RECORD SET Block Start

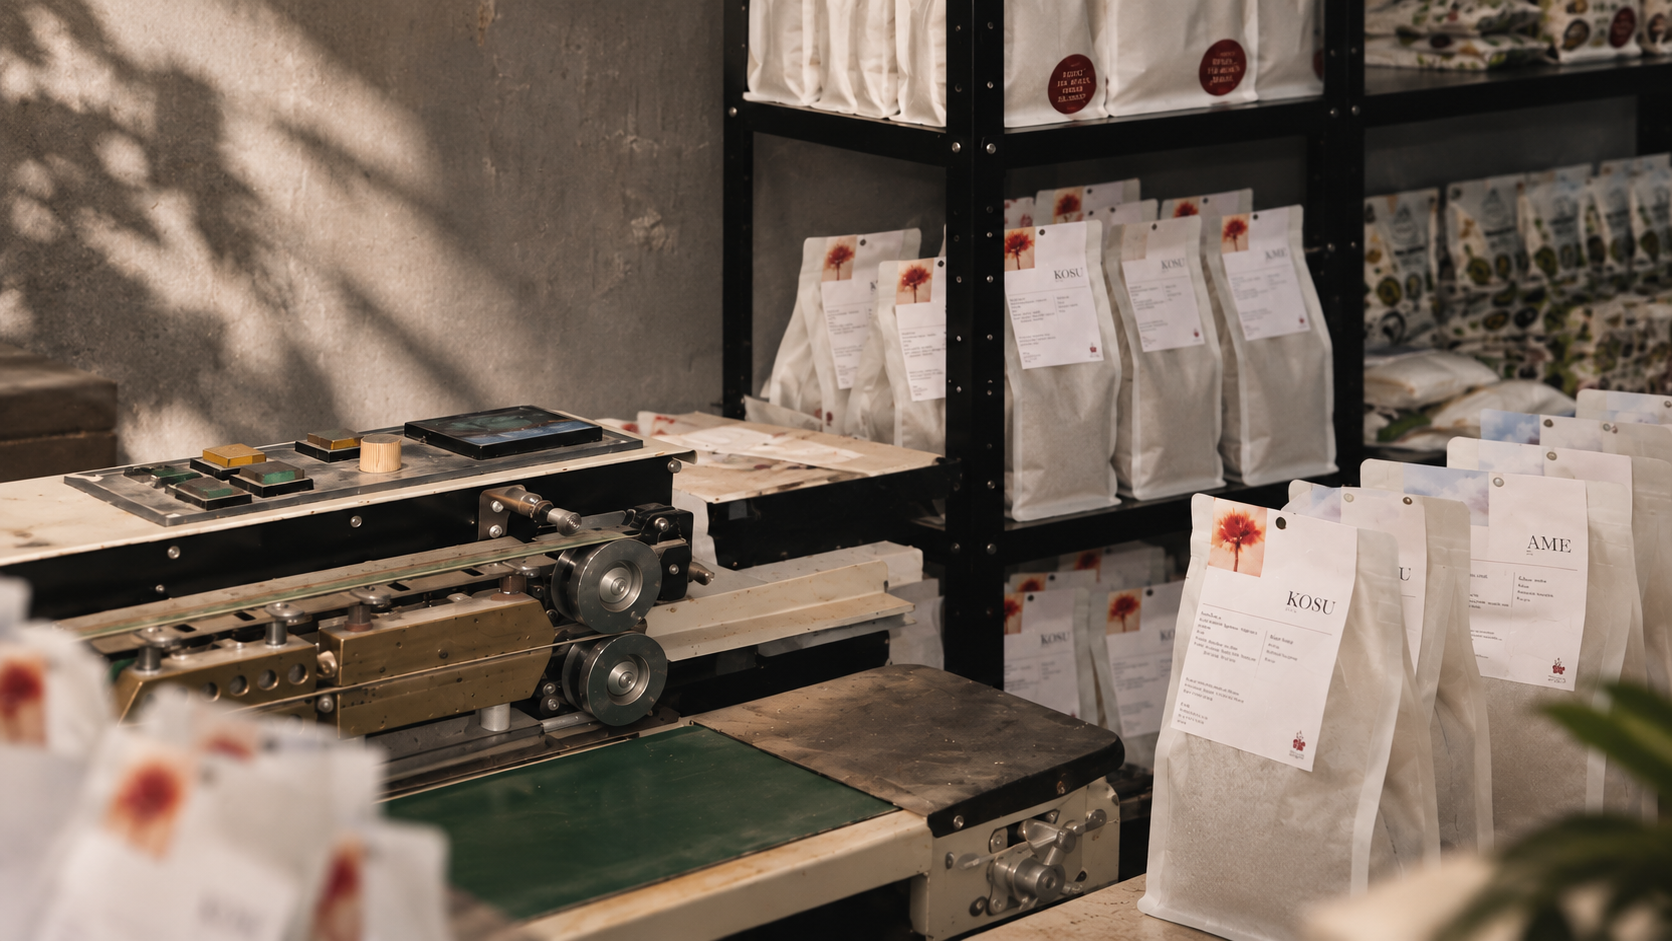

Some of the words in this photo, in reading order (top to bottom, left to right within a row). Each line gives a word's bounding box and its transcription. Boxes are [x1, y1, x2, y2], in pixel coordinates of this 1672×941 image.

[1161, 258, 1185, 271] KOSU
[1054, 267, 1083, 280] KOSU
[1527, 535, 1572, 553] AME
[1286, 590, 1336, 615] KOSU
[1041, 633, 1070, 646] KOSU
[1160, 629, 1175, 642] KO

RECORD SET Block End

Please keep every line of the data the same when you reproduce it, and keep every picture out.

### [ANSWER TO THIS TASK]
Some of the words in this photo, in reading order (top to bottom, left to right within a row). Each line gives a word's bounding box and its transcription. Boxes are [x1, y1, x2, y2], in pixel coordinates of this 1672×941 image.

[1161, 258, 1185, 271] KOSU
[1054, 267, 1083, 280] KOSU
[1527, 535, 1572, 553] AME
[1286, 590, 1336, 615] KOSU
[1041, 633, 1070, 646] KOSU
[1160, 629, 1175, 642] KO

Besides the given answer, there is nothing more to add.